What did I like? I thought the organization, again, was fantastic - especially given the sheer number of people involved in putting this event together. Whether it runs like a greased pig or not (I'm not sure that's the right metaphor), it certainly seems to evade falling apart. This year, the entrance line was cleared in record time - down from almost (over?) an hour last year, to under 20 minutes. Event staff and volunteers did their jobs, were accessible, and friendly. The brewers seemed to know what they were doing, where they were going, what time to be there, and all of their needs seemed to be getting met. Significantly, I did not hear a single brewer, volunteer, or even attendee complaint.
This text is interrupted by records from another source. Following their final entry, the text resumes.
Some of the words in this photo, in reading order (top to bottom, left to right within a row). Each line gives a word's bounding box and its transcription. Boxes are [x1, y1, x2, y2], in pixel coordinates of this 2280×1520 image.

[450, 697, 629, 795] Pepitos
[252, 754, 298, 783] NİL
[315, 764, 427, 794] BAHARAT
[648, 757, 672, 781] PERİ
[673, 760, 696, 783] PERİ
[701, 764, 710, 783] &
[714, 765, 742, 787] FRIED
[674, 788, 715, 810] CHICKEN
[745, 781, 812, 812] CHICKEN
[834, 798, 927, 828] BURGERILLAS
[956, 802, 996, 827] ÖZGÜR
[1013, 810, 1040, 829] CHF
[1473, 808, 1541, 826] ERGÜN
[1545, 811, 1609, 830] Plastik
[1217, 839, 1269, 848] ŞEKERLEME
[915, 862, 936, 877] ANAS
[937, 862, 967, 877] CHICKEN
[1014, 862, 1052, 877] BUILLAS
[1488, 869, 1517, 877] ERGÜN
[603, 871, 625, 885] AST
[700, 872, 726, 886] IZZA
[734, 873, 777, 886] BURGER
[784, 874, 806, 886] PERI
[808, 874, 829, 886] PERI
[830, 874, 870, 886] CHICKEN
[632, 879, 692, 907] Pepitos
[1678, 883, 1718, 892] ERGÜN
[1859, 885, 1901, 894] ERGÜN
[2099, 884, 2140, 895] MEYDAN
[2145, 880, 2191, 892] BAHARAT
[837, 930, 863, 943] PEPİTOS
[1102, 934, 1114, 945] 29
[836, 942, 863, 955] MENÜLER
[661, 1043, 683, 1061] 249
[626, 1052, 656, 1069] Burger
What Did I Really Like? The week encompassing the Great Taste has turned Madison into a week long celebration of craft beer for the entire Midwest. Philly, Minneapolis, Washington DC, Portland, all have beer weeks. But few celebrate the beer of their particular REGION as well as Madison does. It makes a statement that not only is Madison one of the premier beer destinations in the entire Midwest, but it is a leader in Regionalism and emphasis on local food. Beer tastings and beer dinners all week, and a Kegs and Eggs Breakfast at Old Fashioned on Sunday really showed the amazing things that can be accomplished in the entirety of the food industry when everyone is focused on local. Without the Great Taste of the Midwest, this celebration would not be possible; with the Great Taste, this celebration makes Madison the epicenter of Midwestern beer for an entire week.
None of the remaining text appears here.